ACTION ITEM >> The answer must restate the listing word for word, without its images.

(DATASET EXCERPTS)

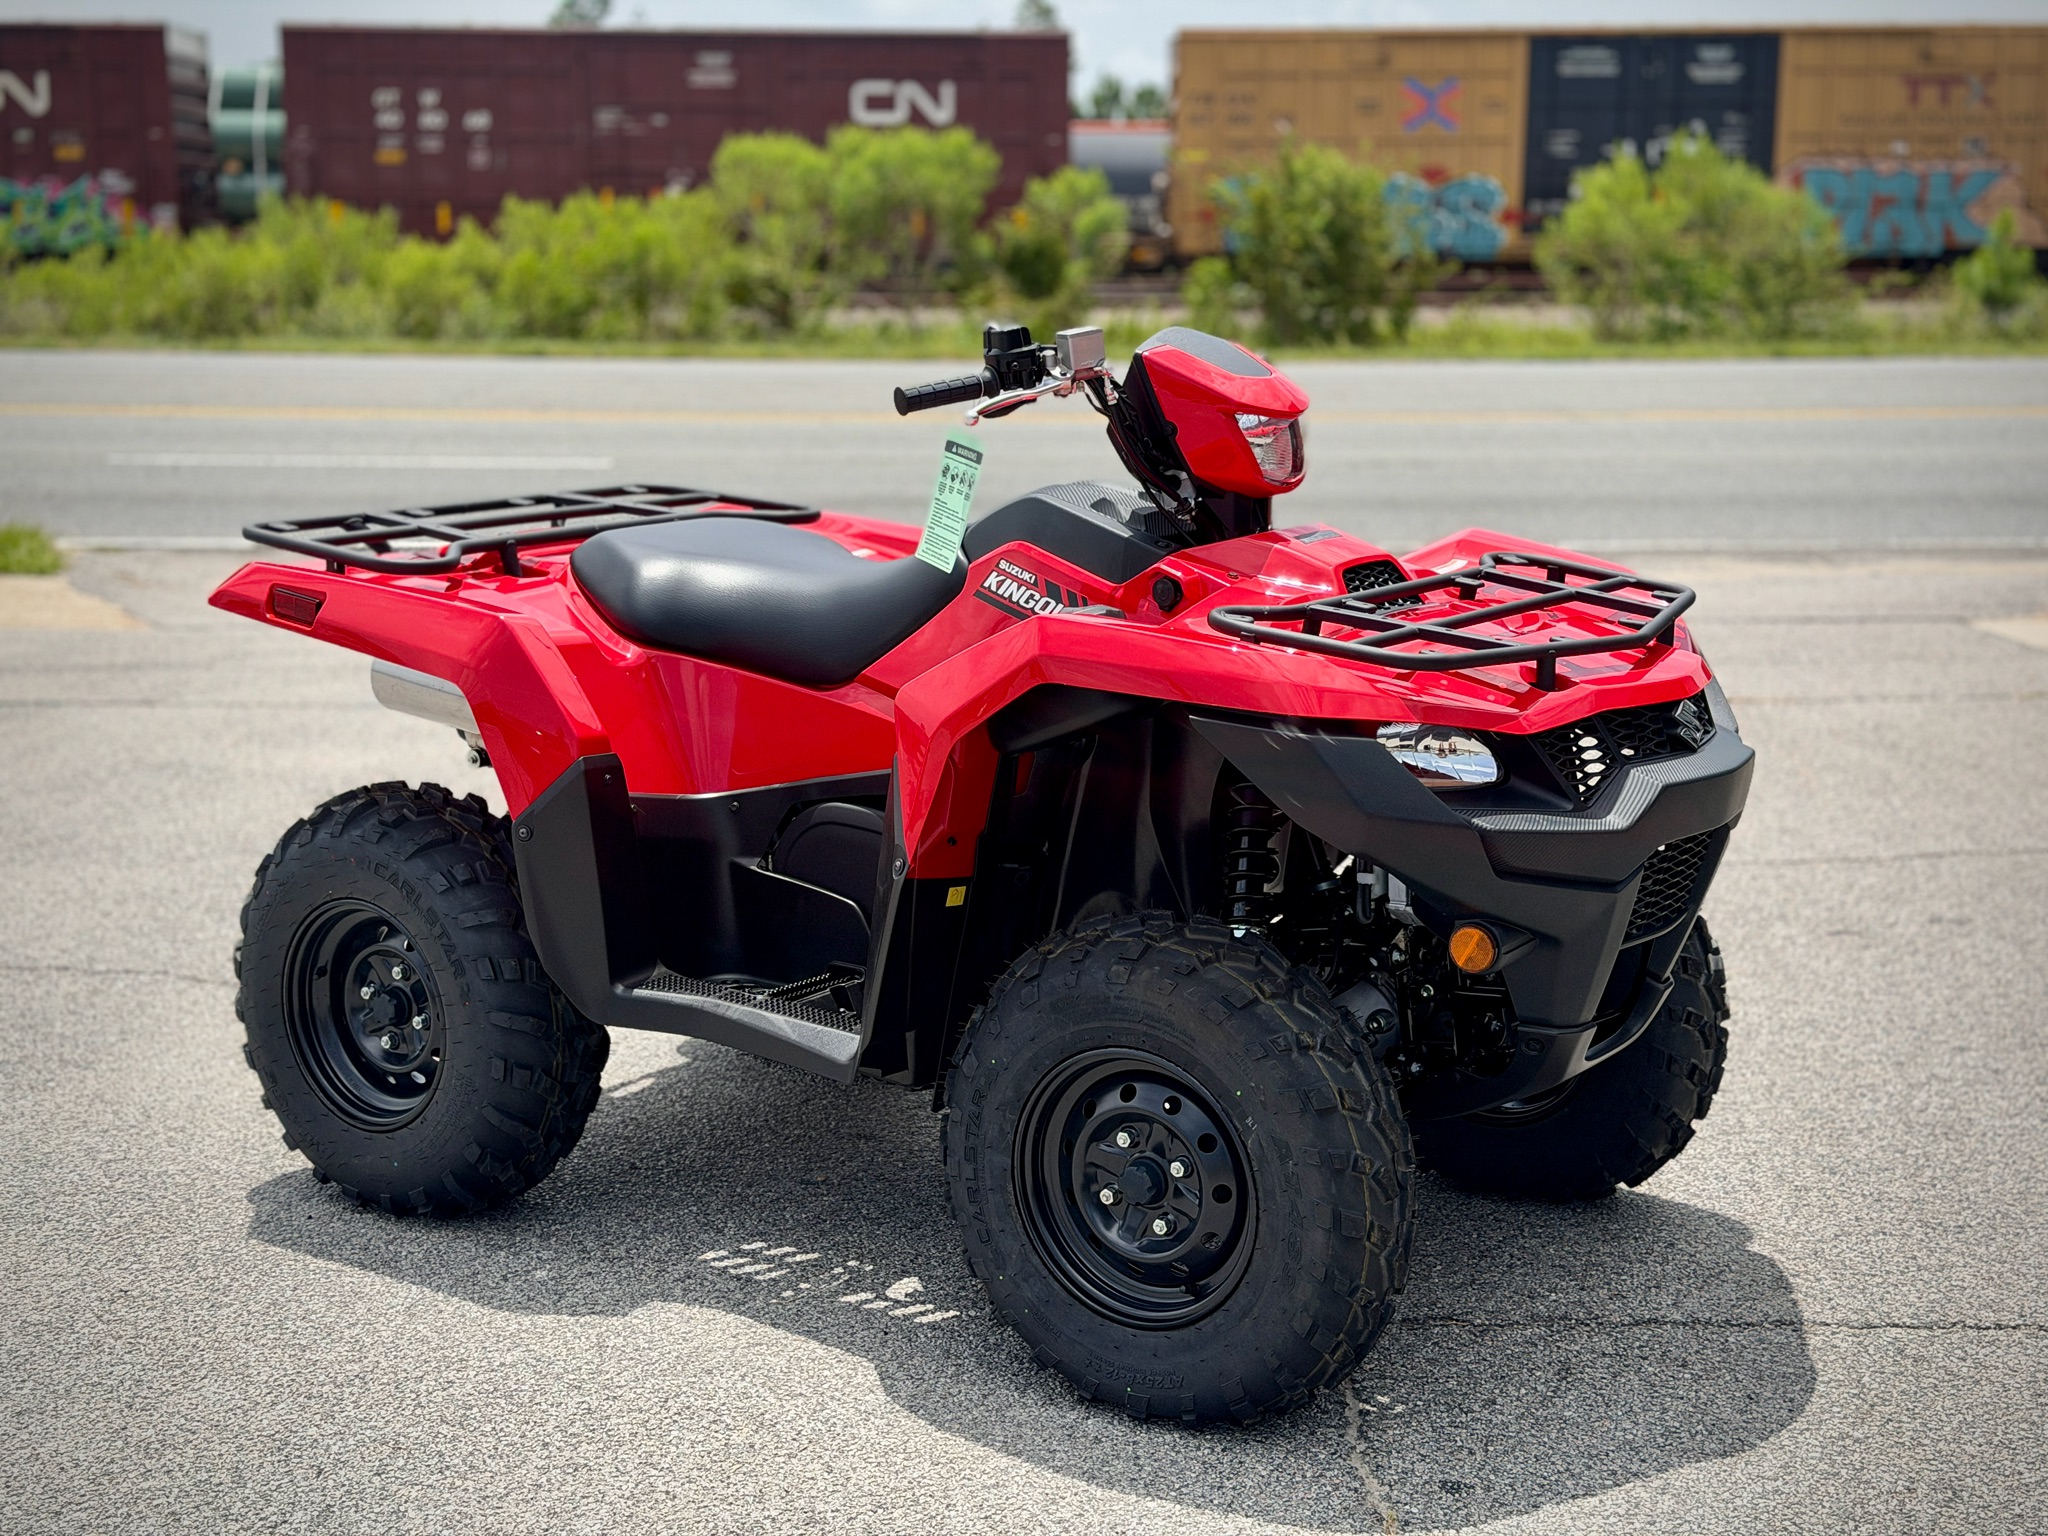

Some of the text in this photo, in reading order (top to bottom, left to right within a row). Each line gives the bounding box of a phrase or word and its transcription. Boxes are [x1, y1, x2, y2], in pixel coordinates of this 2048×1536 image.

[849, 79, 957, 127] CN
[998, 559, 1037, 584] SUZUKI
[374, 860, 466, 981] CARLSTAR
[964, 1087, 993, 1246] CARLSTAR

(End DATASET EXCERPTS)

TASK RESPONSE >>
Some of the text in this photo, in reading order (top to bottom, left to right within a row). Each line gives the bounding box of a phrase or word and its transcription. Boxes are [x1, y1, x2, y2], in pixel coordinates of this 2048×1536 image.

[849, 79, 957, 127] CN
[998, 559, 1037, 584] SUZUKI
[374, 860, 466, 981] CARLSTAR
[964, 1087, 993, 1246] CARLSTAR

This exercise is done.